In the dying days of 1958 I was a “just from the boat off” eight-year-old immigrant p.k. in a small town in Ontario, Canada. That had its rigors. It also had its rewards. The prayers during worship were especially profitable. In fact, on one notable Sunday afternoon between my dad’s opening “Dear Lort, on dis Sunday afternoon we haf com togesser . . . and his closing “Ah-men,” I came out 35 cents richer.

No, it wasn’t because of a miracle. We kids caught onto English much quicker than Dad did, so he made us a standing offer. He’d pay us a nickel for every mistake we heard him make from the pulpit. We didn’t get rich on the sermons because the principal of the Christian grade school helped him with those. But Dad refused to write out his prayers. He preferred to take his lumps from the congregation—and shell out some cash—so that he could speak to God from the heart. Being on an intimate footing with God was very important to him, especially when he was talking on behalf of all of us in the congregation. So he didn’t mind if we snickered or, on occasion, even doubled over in the pew.

Dad was convinced that God was laughing right along with us too. After all, it was the Lord’s own masterful sense of humor at the Tower of Babel that precipitated the immigrant preacher’s language predicament in the first place.

I wouldn’t blame you at all if you find that a touch improper, maybe even offensive—paying off the kids to help you get your prayers right. But all his life Dad deeply owned the words of Jesus in Matthew 11. He still prayed them a few months ago, just before he died: “I praise you, Father, Lord of heaven and earth, because you have hidden these things from the wise and learned, and revealed them to little children. Yes, Father, for this was your good pleasure” (vv. 25-26).

When children get together at a family reunion, they get so excited that they cry, they laugh, and they make mistakes. But at least they’re honest. If earthly parents are tickled and blessed by that, why wouldn’t God be? What better place to trip over our tongues than when we’re together in church? As long as our prayers come from the heart and as long as they’re the best we can make them, then our not-so-good is good enough. Paul assures us that the Holy Spirit “helps us in our weakness. We do not know what to pray for, but the Spirit himself intercedes for us with groans that words cannot express” (Rom.8:26).

Guess Who’s Coming to Worship?

This issue of Reformed Worship offers lots of help on how to improve the way we pray when we get together as God’s family. Edith Bajema reminds us of the centrality of prayer in worship. Al Vander Griend shows us how to reclaim its power. There are also articles on the prayer of confession and the congregational prayer.

Read those articles. Think about them—hard. We need to take care with our public worship prayers, because when we worship together, the God of heaven and earth is there with us in a remarkable way. Jesus tells us that “if two of you on earth agree about anything you ask for, it will be done for you by my Father in heaven. For where two or three come together in my name, there am I with them” (Matt. 18:19-20).

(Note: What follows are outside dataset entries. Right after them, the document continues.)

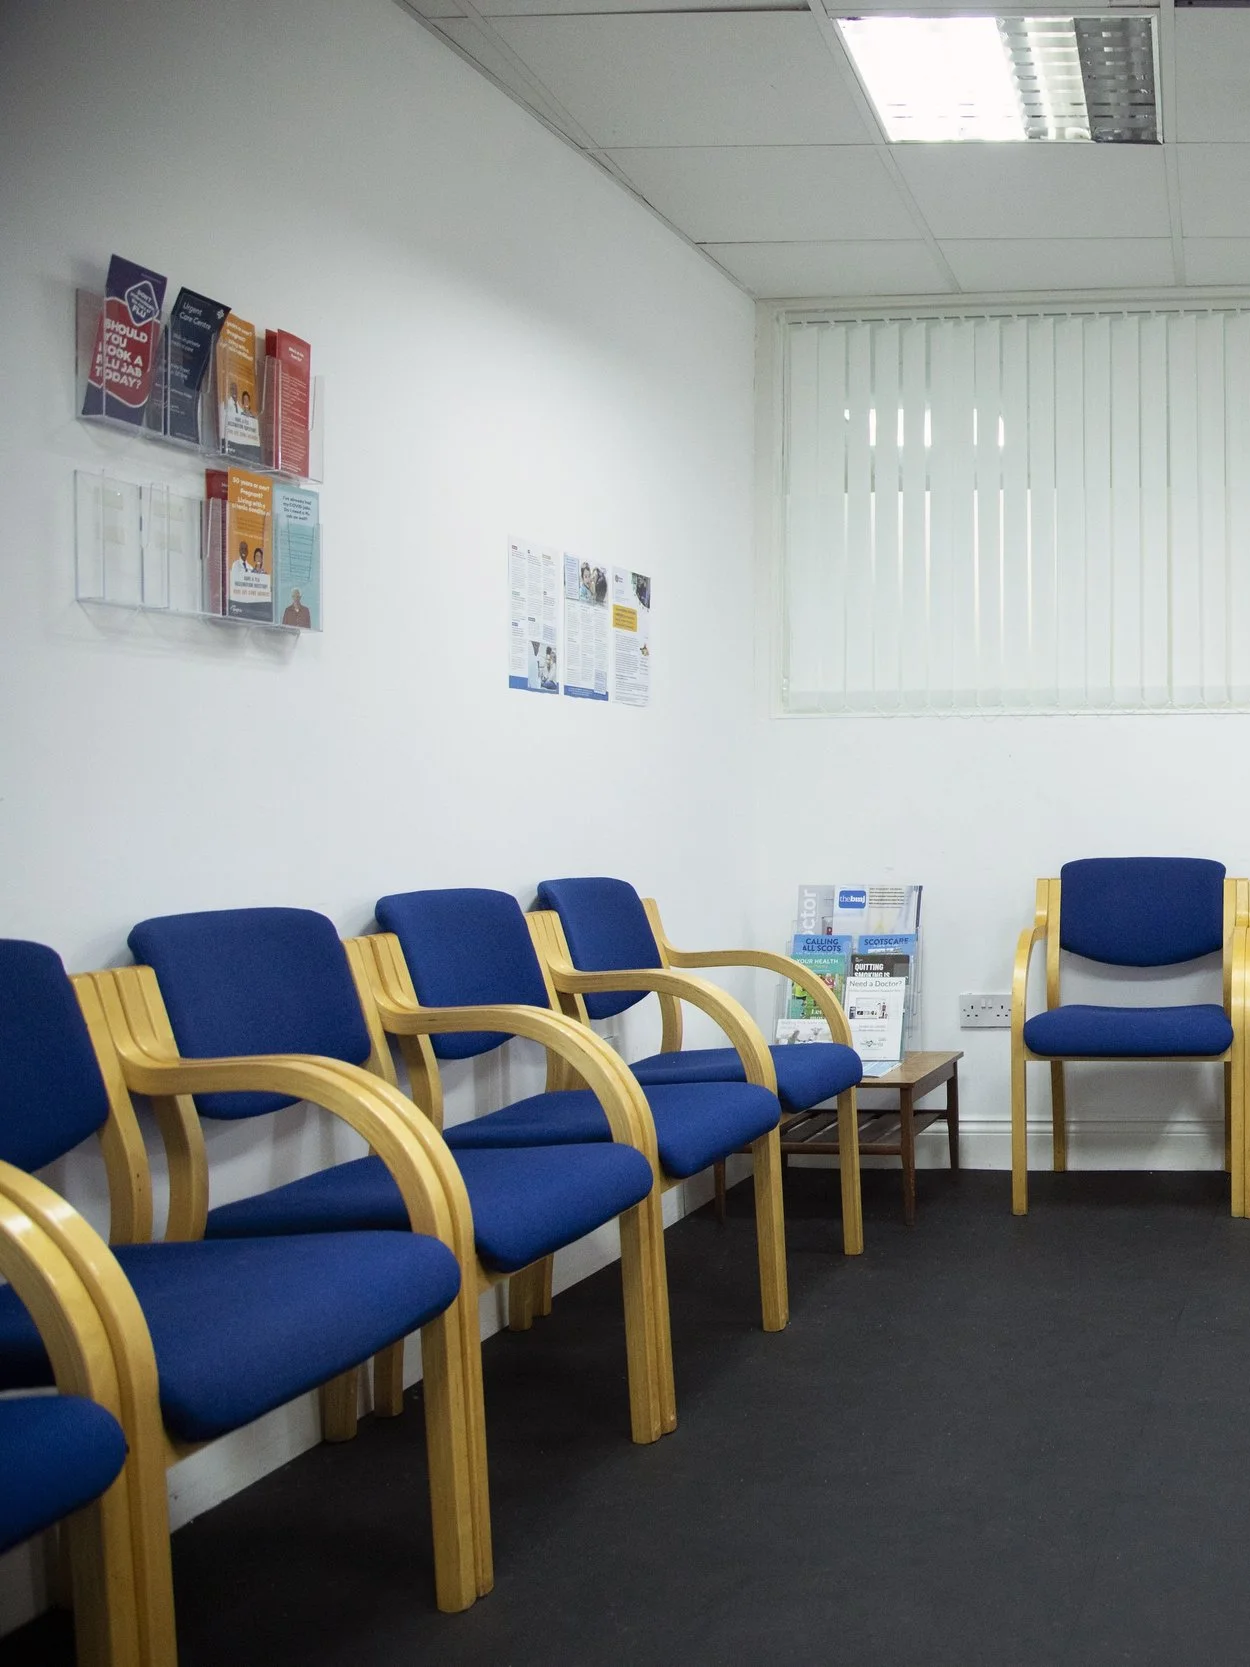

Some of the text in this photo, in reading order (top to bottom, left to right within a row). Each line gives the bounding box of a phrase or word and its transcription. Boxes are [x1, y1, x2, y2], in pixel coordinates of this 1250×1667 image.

[132, 304, 147, 318] FLU
[182, 302, 202, 316] Urgent
[180, 311, 193, 322] Care
[193, 317, 212, 330] Centre
[104, 318, 148, 343] SHOULD
[104, 331, 128, 348] YOU
[134, 355, 143, 367] A
[95, 365, 142, 389] TODAY?
[121, 362, 142, 378] JAB
[232, 476, 240, 484] 50
[240, 480, 253, 488] years
[259, 484, 270, 492] over?
[240, 488, 263, 498] Pregnant?
[864, 937, 909, 946] SCOTSCARE
[854, 963, 884, 971] QUITTING

How does that square with what we confess about the omnipresence of God? Isn’t God everywhere already? So why should God’s presence in our worship prayers be so special?

The omnipresence doctrine doesn’t intend to saddle us with a homogenized God, spread out ever so evenly, who isn’t free to come and go at will. Why else do we plead with God to “turn your face towards us?” That teaching only intends to protect the reality revealed in Scripture that reassures us that we’re never out of God’s reach. Nothing “will be able to separate us from the love of God that is in Christ Jesus our Lord” (Rom. 8:39). In that sense, through the presence of God’s Spirit, our Savior is there for us everywhere.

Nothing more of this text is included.